Aspects internationaux et conventions fiscales

Dans un contexte de mobilité internationale croissante, les successions comportant des éléments d’extranéité soulèvent des problématiques fiscales complexes. La Suisse, en tant que place financière internationale, est particulièrement concernée par ces questions transfrontalières.

Le risque de double imposition constitue la préoccupation majeure dans les successions internationales. En effet, plusieurs États peuvent revendiquer le droit d’imposer une même succession en fonction de critères différents : domicile du défunt, nationalité, situation des biens. Cette situation peut conduire à une charge fiscale cumulée particulièrement lourde.

Pour remédier à ce problème, la Suisse a conclu des conventions contre la double imposition en matière successorale avec plusieurs pays, notamment l’Allemagne, l’Autriche, les États-Unis, la France, le Royaume-Uni et les Pays-Bas. Ces conventions déterminent quel État est compétent pour imposer les différents éléments de la succession et prévoient des mécanismes d’élimination de la double imposition.

En l’absence de convention, le droit interne suisse prévoit généralement des mesures unilatérales d’évitement de la double imposition. La plupart des cantons accordent un crédit d’impôt pour les impôts payés à l’étranger sur des biens situés hors de Suisse.

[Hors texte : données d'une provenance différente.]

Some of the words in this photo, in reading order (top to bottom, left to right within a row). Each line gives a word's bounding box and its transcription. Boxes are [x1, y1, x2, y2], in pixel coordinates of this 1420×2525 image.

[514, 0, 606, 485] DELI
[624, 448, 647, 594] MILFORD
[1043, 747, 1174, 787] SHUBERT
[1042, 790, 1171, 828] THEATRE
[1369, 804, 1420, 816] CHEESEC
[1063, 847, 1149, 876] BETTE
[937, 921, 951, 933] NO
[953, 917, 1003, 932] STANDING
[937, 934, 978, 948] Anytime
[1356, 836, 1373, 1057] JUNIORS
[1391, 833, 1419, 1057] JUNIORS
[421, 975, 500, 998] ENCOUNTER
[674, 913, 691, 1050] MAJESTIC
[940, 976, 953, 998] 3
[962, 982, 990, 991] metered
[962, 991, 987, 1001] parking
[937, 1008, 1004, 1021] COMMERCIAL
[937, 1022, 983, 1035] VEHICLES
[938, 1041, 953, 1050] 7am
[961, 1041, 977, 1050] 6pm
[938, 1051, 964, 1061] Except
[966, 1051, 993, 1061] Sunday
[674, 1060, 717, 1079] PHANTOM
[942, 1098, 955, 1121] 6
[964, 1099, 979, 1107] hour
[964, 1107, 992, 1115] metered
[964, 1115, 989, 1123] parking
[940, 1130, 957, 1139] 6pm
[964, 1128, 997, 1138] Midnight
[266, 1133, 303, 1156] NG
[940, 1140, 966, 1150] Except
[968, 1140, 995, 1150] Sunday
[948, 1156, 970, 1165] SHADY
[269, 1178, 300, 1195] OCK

Situation des résidents étrangers en Suisse

Les résidents étrangers en Suisse sont soumis aux règles fiscales suisses concernant les successions. Leur patrimoine mondial est imposable en Suisse, sous réserve des conventions internationales. Certaines spécificités méritent d’être soulignées :

  • Les biens immobiliers situés à l’étranger sont généralement imposés dans l’État de situation, avec application d’un crédit d’impôt en Suisse
  • Les avoirs bancaires et les valeurs mobilières détenus en Suisse par des non-résidents peuvent, selon les cantons, être exonérés d’impôt successoral
  • Les trusts et autres structures patrimoniales étrangères font l’objet d’un traitement fiscal particulier qui varie selon les cantons

Les étrangers résidant en Suisse au bénéfice d’un forfait fiscal (imposition d’après la dépense) doivent porter une attention particulière à leur planification successorale. En effet, le décès d’un contribuable imposé au forfait peut entraîner des conséquences fiscales significatives pour ses héritiers.

La mobilité internationale accrue des personnes et des patrimoines génère des situations de plus en plus complexes nécessitant une expertise pointue. Notre étude d’avocats dispose de spécialistes en fiscalité internationale capables d’analyser les implications transfrontalières des successions et de proposer des solutions adaptées.

L’anticipation des questions internationales dans la planification successorale s’avère fondamentale pour éviter les surprises fiscales. Une analyse préalable des conventions applicables et des règles de conflit de lois permet d’identifier les risques et les opportunités liés aux éléments internationaux d’une succession.